= Foster Neville Woodward =

British chemist (1905–1985)

Foster Neville Woodward FRSE FRIC (1905–1985) was a 20th-century British chemist involved in the creation of chemical weapons in the Second World War.

==Life==
He was born on 2 May 1905 the son of Foster Woodward. He studied chemistry at the University of London.

In 1930 he joined the Sutton Oak Chemical Defence Research Establishment on Reginald Road in St Helens, Merseyside. This establishment was Britain's primary poison gas manufacturer, making large quantities of mustard gas. The 20-acre site was impossible to hide, and despite attempts at secrecy the plant was known as the "Poison Gas Works" or the "Magnum" (its former name). It had transformed from the Magnum Steelworks to the United Kingdom Chemical Products Company in 1915, and had first begun work on chemical weapons. A loophole in the wording of the Third Geneva Convention in 1925 (relating to chemical weapons) allowed countries to produce such products for research or defence purposes. The company was therefore named to cover this pretence.

He created a variant of mustard gas calle "HT" or "Runcol". In 1932 he left and was replaced by Prof Robinson. He returned in 1937 as head of research. At the outbreak of war in 1939 they were placed under the control of the Ministry of Supply, under the control of Leslie Hore-Belisha. In 1940 most poison gas production was relocated to Rhydymwyn in North Wales, but Sutton Oak continued as the primary research establishment. A programme of expansion and modernisation began. Prof James B. Conant visited the facility in 1942, to offer American advice. A continuing high accident rate at the facility was blamed on individuals not following safety procedures, but underlying safety protocol was clearly poor in terms of minimising health risk to workers.

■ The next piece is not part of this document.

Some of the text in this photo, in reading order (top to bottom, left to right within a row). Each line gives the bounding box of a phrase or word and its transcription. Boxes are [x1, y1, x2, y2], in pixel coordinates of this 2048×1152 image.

Research includes creation of the deadly German poisons, sarin (GB) and ethyl sarin (GE), which always required a doctor present whilst handling. Creating around 50 kg of these toxins per week, production clearly exceeded the needs of pure research, but it is unclear why such high amounts were created.

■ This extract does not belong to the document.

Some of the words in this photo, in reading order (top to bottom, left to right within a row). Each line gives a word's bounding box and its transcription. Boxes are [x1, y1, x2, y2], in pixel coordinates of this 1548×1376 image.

In 1949 he was elected a Fellow of the Royal Society of Edinburgh. His proposers were Sir Edmund Hirst, Edmund Percival, William Murdoch Cumming and Sir Patrick Ramsay Laird.

In 1949 Woodward saw the relocation of most of the Sutton Oak nerve agent process to Nancekuke airfield near Redruth in Cornwall.

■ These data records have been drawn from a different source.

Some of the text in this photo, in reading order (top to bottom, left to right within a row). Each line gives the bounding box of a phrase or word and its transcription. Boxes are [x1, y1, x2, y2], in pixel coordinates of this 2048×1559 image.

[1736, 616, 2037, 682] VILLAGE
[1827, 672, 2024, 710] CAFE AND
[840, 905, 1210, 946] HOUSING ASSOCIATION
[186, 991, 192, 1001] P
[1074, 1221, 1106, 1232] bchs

In 1956 he was created a Commander of the Order of the British Empire (CBE).

From 1956 to 1971 he was director of the Arthur D. Little Research Institute in Inveresk, east of Edinburgh. He was also chairman of Biotech Consulting Ltd.

He died on 3 May 1985, the day after his 80th birthday.

==Publications==

- Memoirs of a Peripatetic Technologist (1985)
- Structure of Industrial Research Associations (1965)

==Family==

In 1932 he married Elizabeth Holme Siddall.